> **Given data**

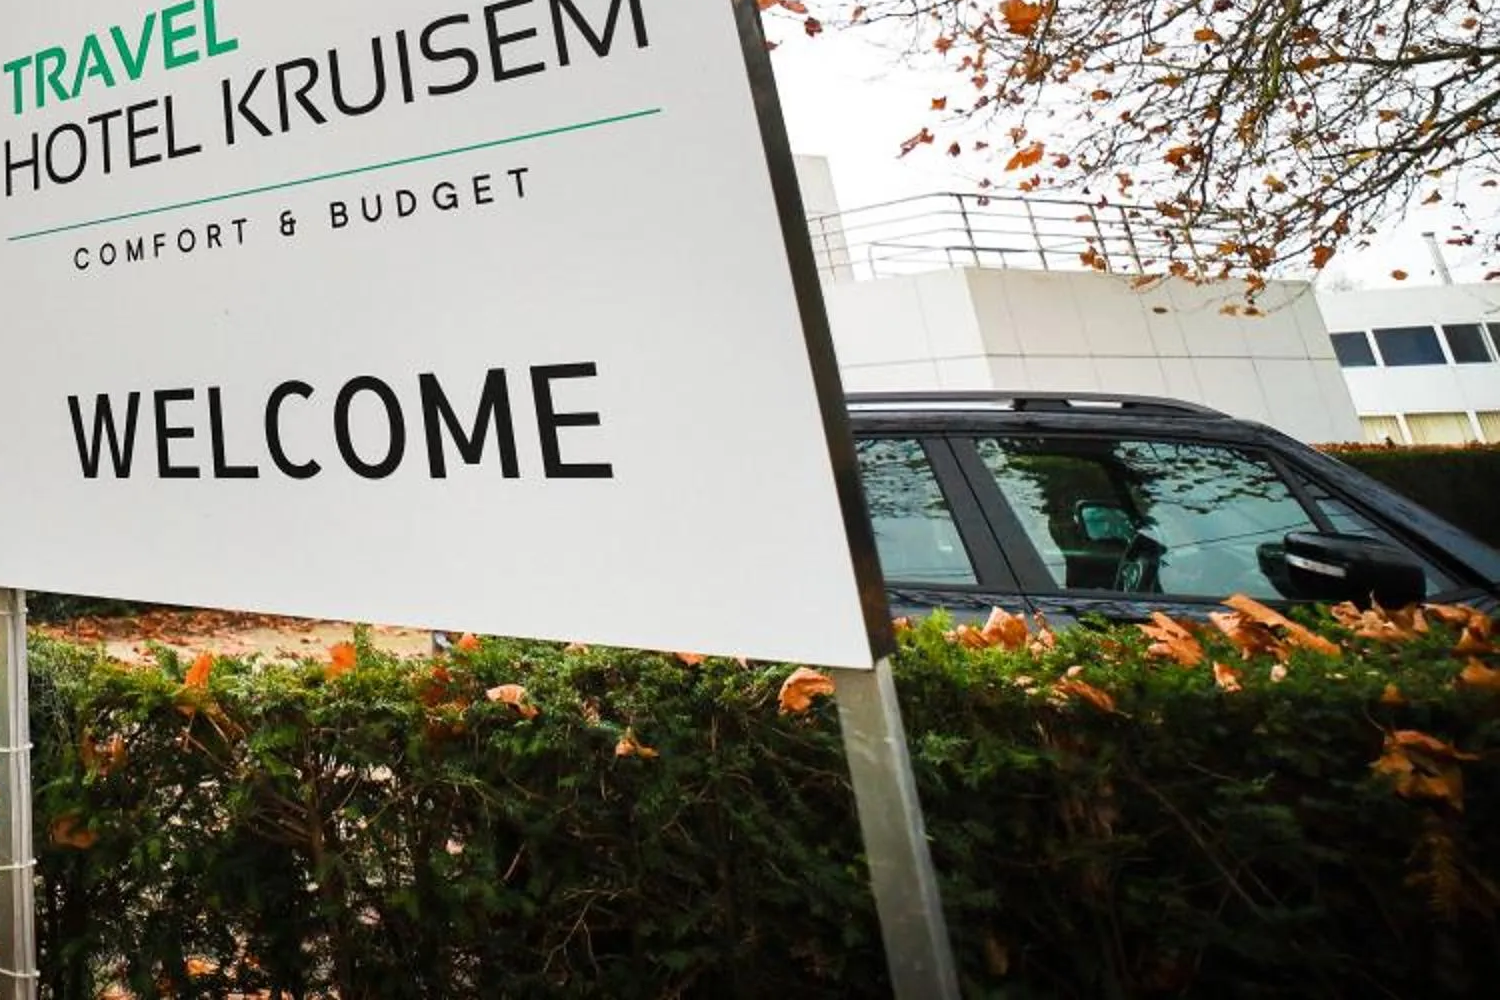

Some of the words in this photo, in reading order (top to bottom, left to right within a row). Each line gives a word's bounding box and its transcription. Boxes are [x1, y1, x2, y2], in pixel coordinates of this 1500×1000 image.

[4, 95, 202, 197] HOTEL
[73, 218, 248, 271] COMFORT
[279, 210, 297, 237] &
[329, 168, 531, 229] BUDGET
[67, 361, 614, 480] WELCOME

> **What you have to do**
The data is to be printed again exactly, but without its pictures.

> **Solved problem**
Some of the words in this photo, in reading order (top to bottom, left to right within a row). Each line gives a word's bounding box and its transcription. Boxes are [x1, y1, x2, y2], in pixel coordinates of this 1500×1000 image.

[4, 95, 202, 197] HOTEL
[73, 218, 248, 271] COMFORT
[279, 210, 297, 237] &
[329, 168, 531, 229] BUDGET
[67, 361, 614, 480] WELCOME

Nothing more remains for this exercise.